19.39

Abgeordneter Mag. Gerald Loacker (NEOS): Herr Präsident! Frau Präsidentin des Rechnungshofes! Geschätzte Zuschauerinnen und Zuschauer! Wir diskutieren hier vier Rechnungshofberichte unter einem, und wie es so oft ist, konzentrieren sich die meisten Redner auf das kleinste der vier Probleme, nämlich auf diese Patientenmilliarde (Abg. Stögmüller: Eine Milliarde ist ja zu wenig! NEOS ist eine Milliarde wurscht! – Abg. Greiner: Ist das die gleiche Hypothese, Herr Kollege?), von der schon bei Präsentation des Gesetzes klar war, dass sie gar nie kommen kann. Dass wir aber 5 Milliarden Euro sinnlos für Tests ausgegeben haben, das wird eher ignoriert.
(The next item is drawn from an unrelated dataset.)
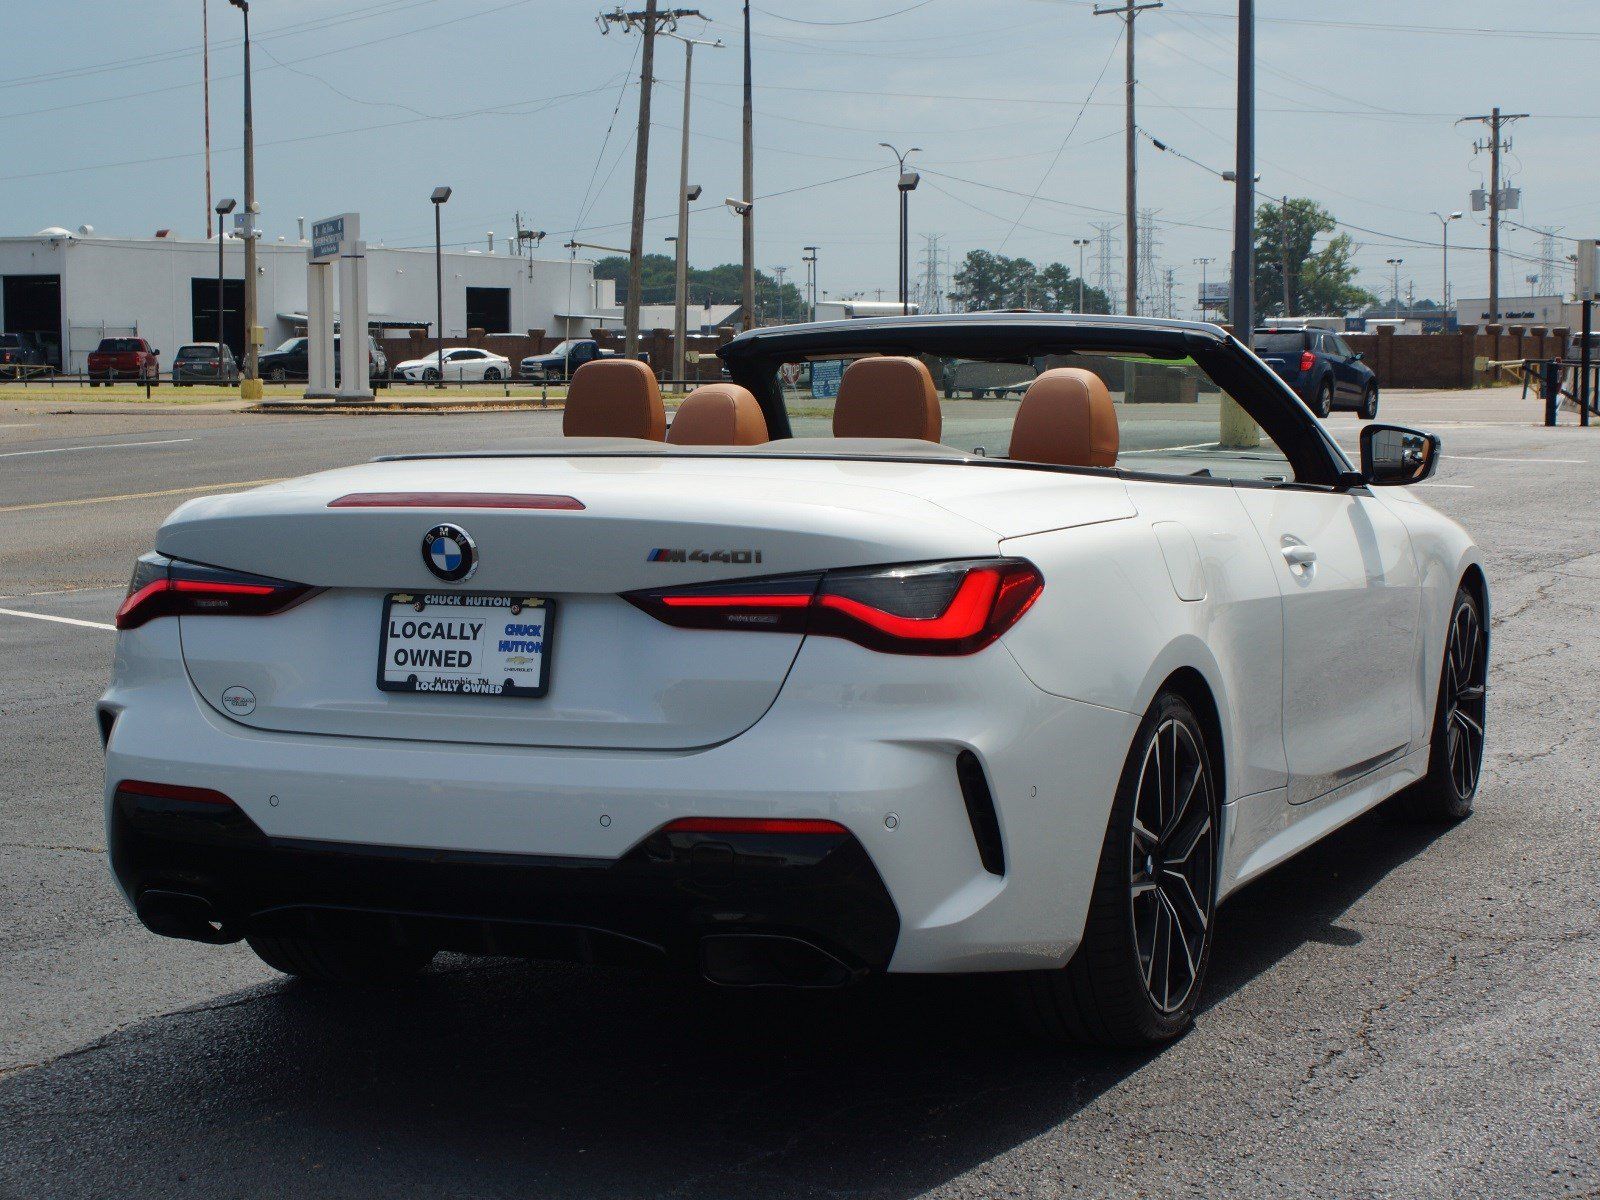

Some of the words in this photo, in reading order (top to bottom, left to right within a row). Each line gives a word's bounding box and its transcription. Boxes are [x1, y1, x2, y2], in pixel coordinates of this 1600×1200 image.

Oder: Dass der Bericht über die Impfstoffbeschaffung belegt, dass wir mit Rudi Anschober einen völlig überforderten und inkompetenten Minister hatten, der wenig Impfstoff bestellt hat, als wir ihn gebraucht hätten, und viel Impfstoff bestellt hat, als wir ihn nicht mehr gebraucht haben, das wird geflissentlich verschwiegen. (Beifall bei den NEOS sowie des Abg. Kaniak.)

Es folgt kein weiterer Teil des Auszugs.